README
¶
Constant
A secrets and parameter store that doesn't suck
Documentation
¶
Index ¶
- Constants
- Variables
- func Decrypt(dst, key, nonce, ciphertext, additionalData []byte) ([]byte, error)
- func Encrypt(dst, key, nonce, plaintext, additionalData []byte) ([]byte, error)
- func NewGCM(key []byte) (cipher.AEAD, error)
- func NewKey() ([]byte, error)
- func NewNonce() ([]byte, error)
- type DataEncryptionKey
- type ID
- type KeyEncryptionKey
- type Parameter
- type Path
- type Principal
- type Tenant
- type Wrapper
- type WrappingMechanism
Constants ¶
const ( NONCE_SIZE = 12 // Size of the nonce, in bytes, used for GCM KEY_SIZE = 32 // Size of the key, in bytes, used for AES-256 )

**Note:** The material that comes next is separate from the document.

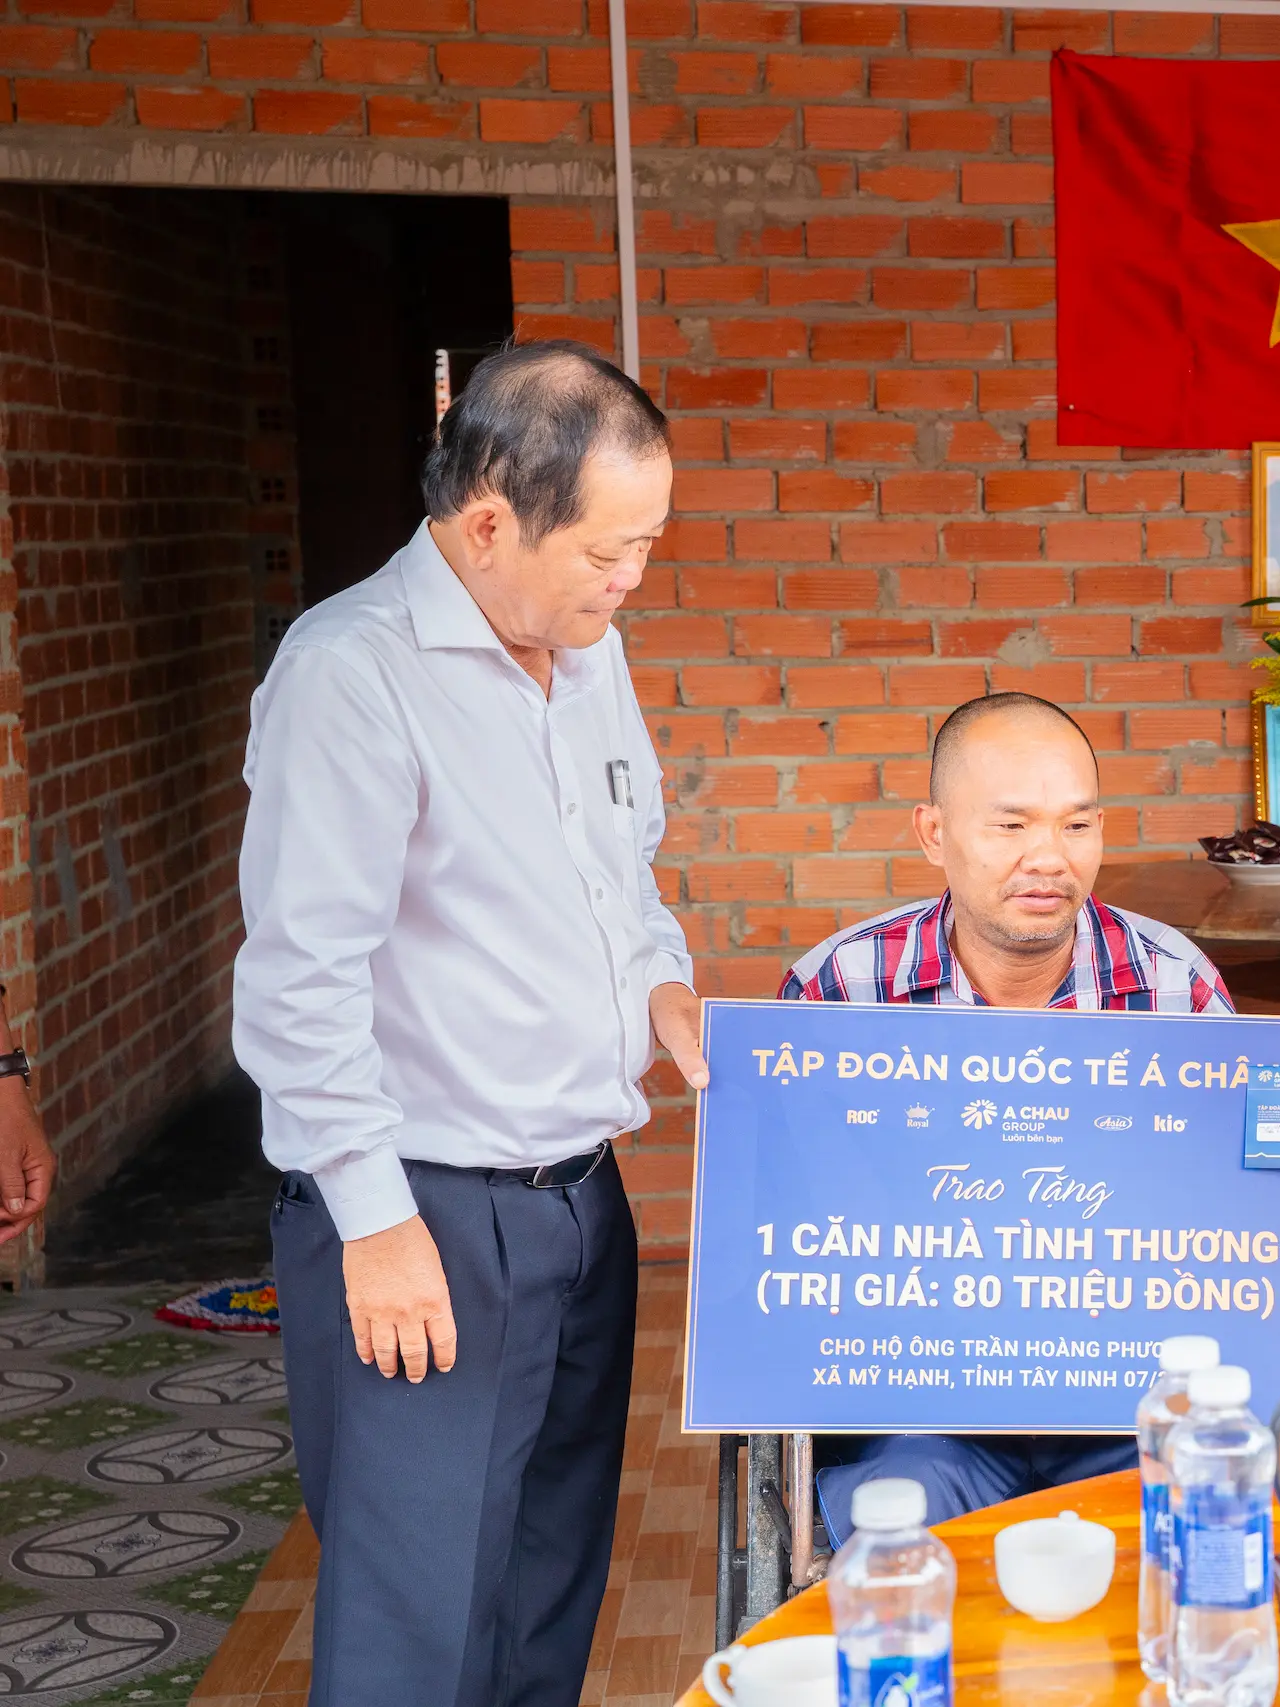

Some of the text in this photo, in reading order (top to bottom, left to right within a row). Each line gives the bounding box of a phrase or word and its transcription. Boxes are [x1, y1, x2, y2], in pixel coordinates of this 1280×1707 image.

const PATH_DELIMITER string = "/"
PATH_DELIMITER is the delimiter used to separate path elements.
Variables ¶
var ( WrappingMechanismName = map[int32]string{ 0: "WRAPPING_MECHANISM_UNSPECIFIED", 1: "WRAPPING_MECHANISM_NONE", 2: "WRAPPING_MECHANISM_INSECURE", } WrappingMechanismValue = map[string]int32{ "WRAPPING_MECHANISM_UNSPECIFIED": 0, "WRAPPING_MECHANISM_NONE": 1, "WRAPPING_MECHANISM_INSECURE": 2, } )
Enum value maps for WrappingMechanism
Functions ¶
func Decrypt ¶
Decrypt decrypts ciphertext with the provided key and nonce using AES-GCM. To reuse ciphertext's storage for the decrypted output, use ciphertext[:0] as dst.
Even if the function fails, the contents of dst, up to its capacity, may be overwritten.
func Encrypt ¶
Encrypt encrypts plaintext with the provided key and nonce using AES-GCM. To reuse plaintext's storage for the encrypted output, use plaintext[:0] as dst.
Types ¶
type DataEncryptionKey ¶
type DataEncryptionKey struct {
Ciphertext []byte // Ciphertext encrypted using AES-GCM and a 256bit key. First [NONCE_SIZE] bytes are the nonce.
KeyEncryptionKey *KeyEncryptionKey // KeyEncryptionKey is the key used to encrypt and decrypt the DataEncryptionKey.
}
DataEncryptionKey is a key used to encrypt and decrypt [Parameters]. A DataEncryptionKey is encrypted using a KeyEncryptionKey and attached to exactly one Parameter.
The Ciphertext is the encrypted DataEncryptionKey. The first NONCE_SIZE bytes are the nonce used during encryption. The remaining bytes are the actual ciphertext.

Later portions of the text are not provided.